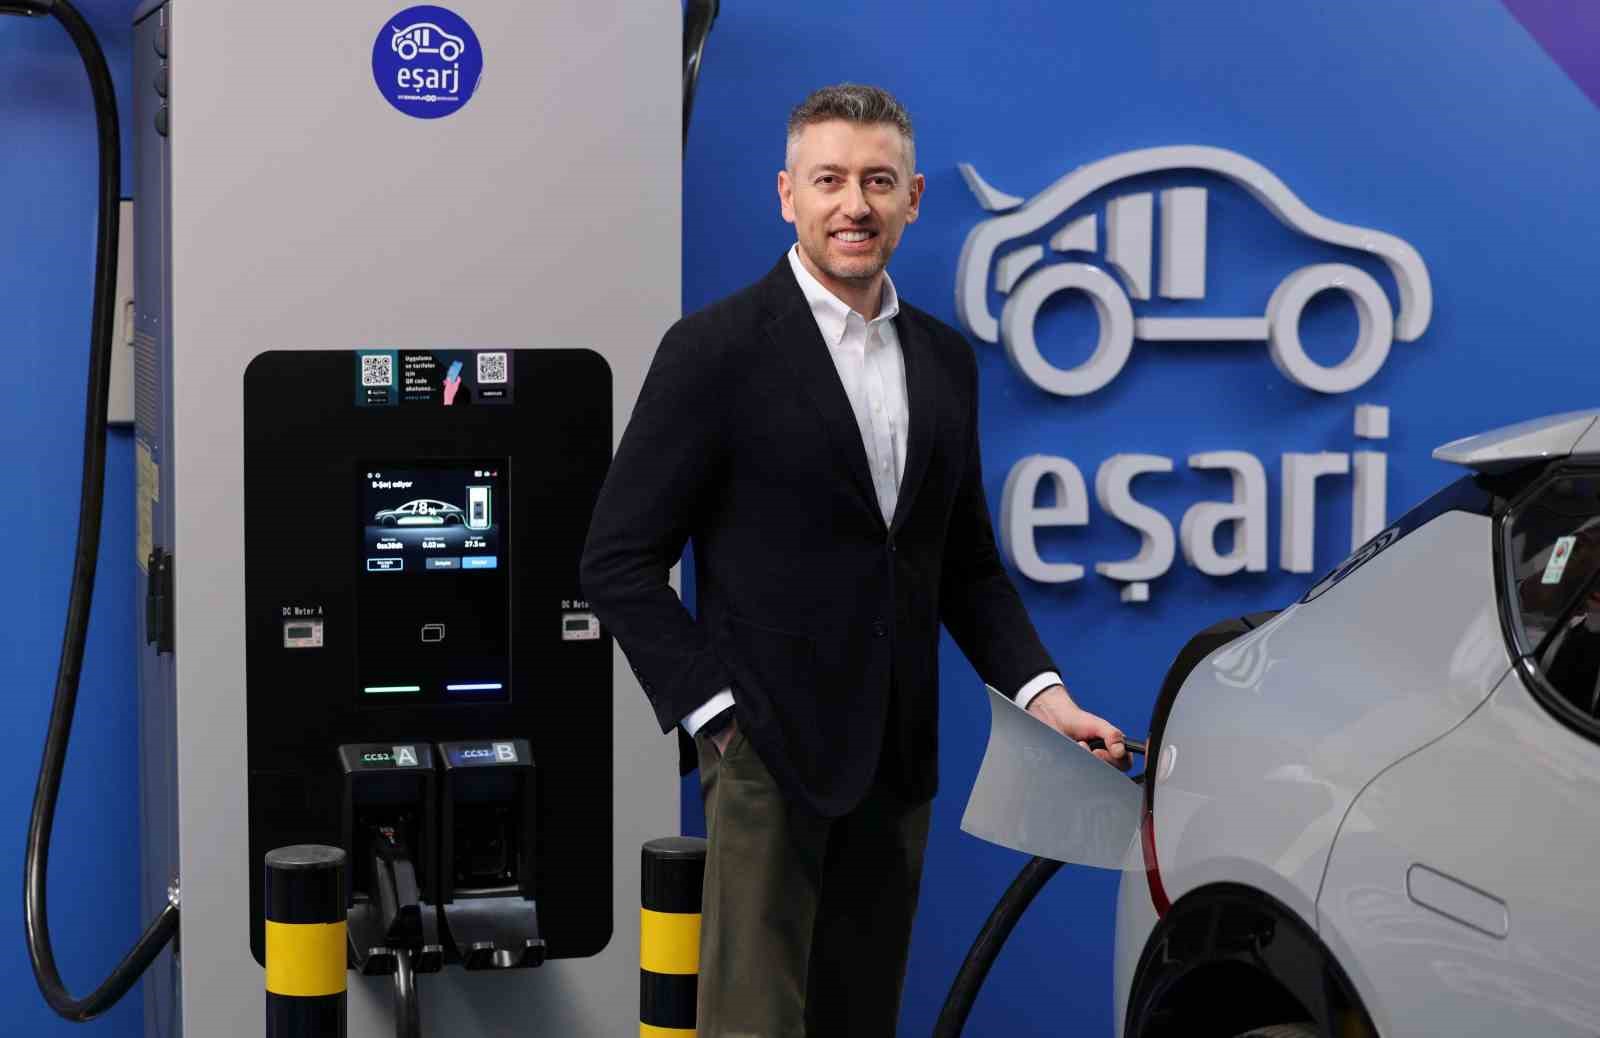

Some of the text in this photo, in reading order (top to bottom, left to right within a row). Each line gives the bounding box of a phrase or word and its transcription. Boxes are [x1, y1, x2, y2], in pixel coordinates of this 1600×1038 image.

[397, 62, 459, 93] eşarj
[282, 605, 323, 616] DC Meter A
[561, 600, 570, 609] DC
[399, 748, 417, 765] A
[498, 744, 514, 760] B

···

Quote each line of the listing exactly, but leave the pictures out.

Some of the text in this photo, in reading order (top to bottom, left to right within a row). Each line gives the bounding box of a phrase or word and its transcription. Boxes are [x1, y1, x2, y2], in pixel coordinates of this 1600×1038 image.

[397, 62, 459, 93] eşarj
[282, 605, 323, 616] DC Meter A
[561, 600, 570, 609] DC
[399, 748, 417, 765] A
[498, 744, 514, 760] B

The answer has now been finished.